*** PROVIDED RECORDS ***

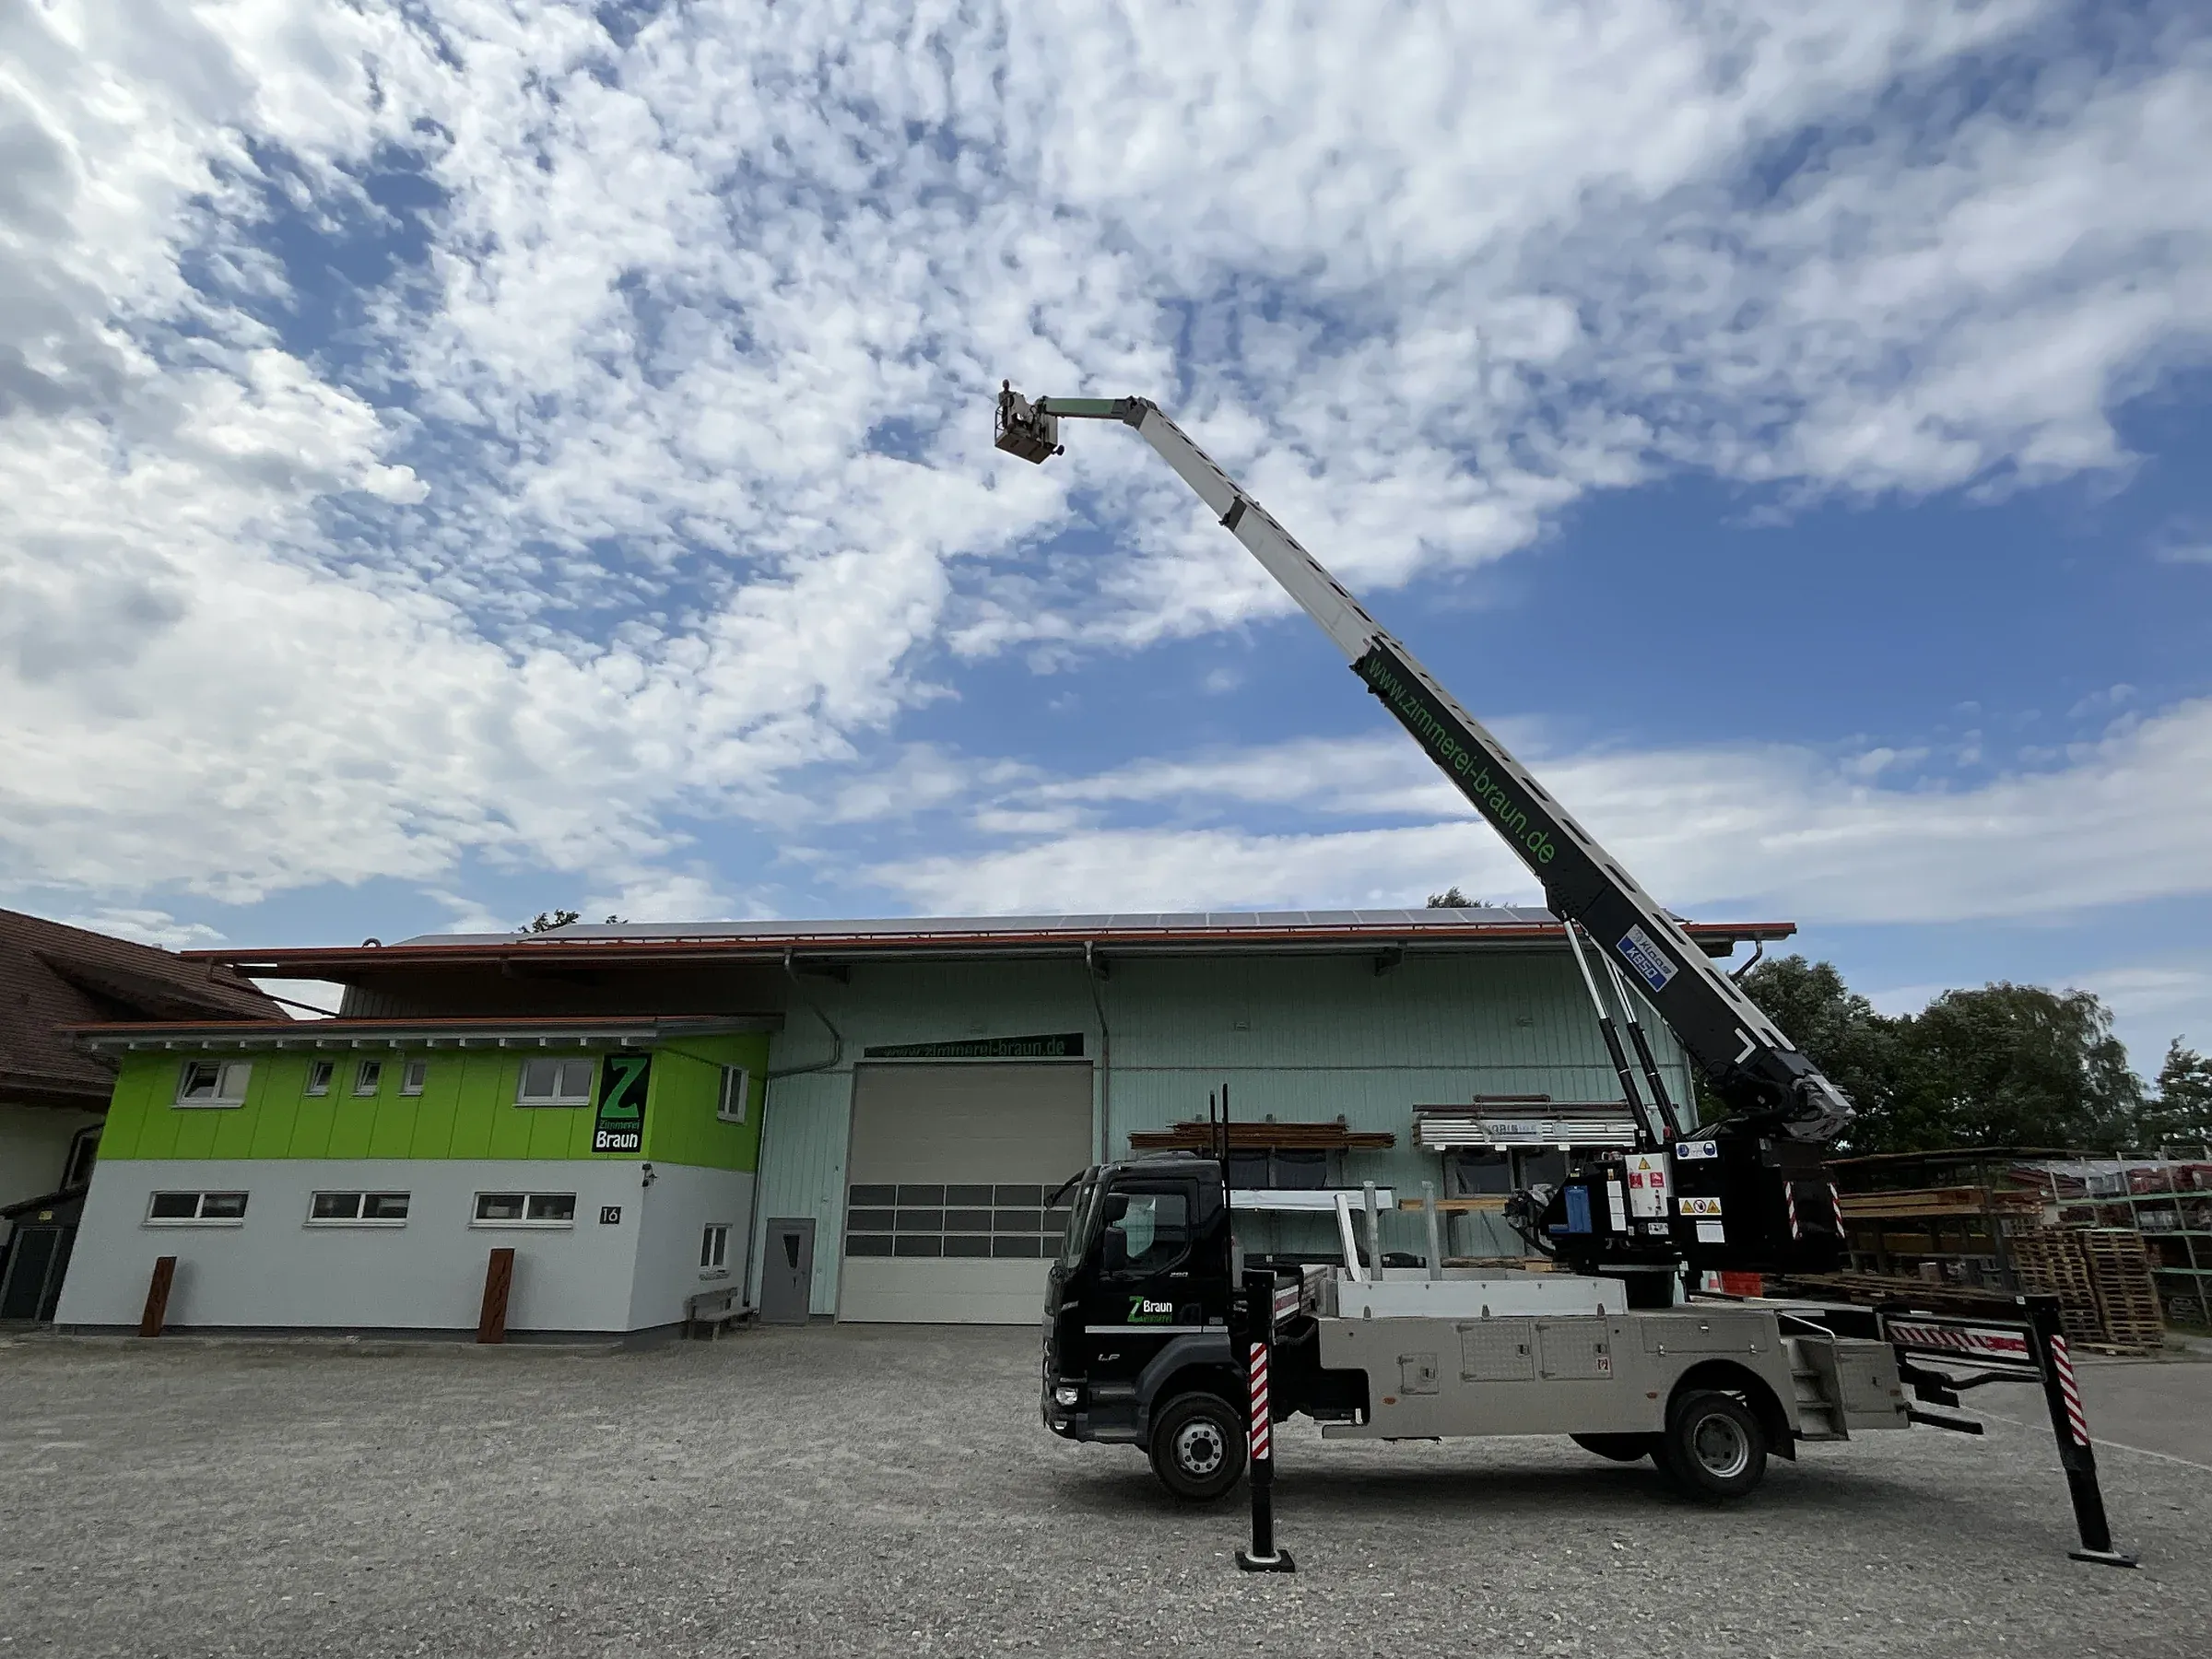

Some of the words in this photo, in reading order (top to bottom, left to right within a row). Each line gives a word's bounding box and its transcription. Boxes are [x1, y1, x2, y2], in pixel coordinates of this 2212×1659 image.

[1368, 657, 1556, 864] www.zimmerei-braun.de
[601, 1057, 648, 1118] Z
[599, 1119, 640, 1130] Zimmerei
[595, 1130, 639, 1148] Braun
[603, 1207, 618, 1222] 16
[1143, 1300, 1173, 1312] Braun
[1098, 1353, 1121, 1361] LF

*** End of PROVIDED RECORDS ***

* WORK TO COMPLETE *
Once the pictures are set aside, reproduce the records in full and exactly.

* OUTPUT BELOW *
Some of the words in this photo, in reading order (top to bottom, left to right within a row). Each line gives a word's bounding box and its transcription. Boxes are [x1, y1, x2, y2], in pixel coordinates of this 2212×1659 image.

[1368, 657, 1556, 864] www.zimmerei-braun.de
[601, 1057, 648, 1118] Z
[599, 1119, 640, 1130] Zimmerei
[595, 1130, 639, 1148] Braun
[603, 1207, 618, 1222] 16
[1143, 1300, 1173, 1312] Braun
[1098, 1353, 1121, 1361] LF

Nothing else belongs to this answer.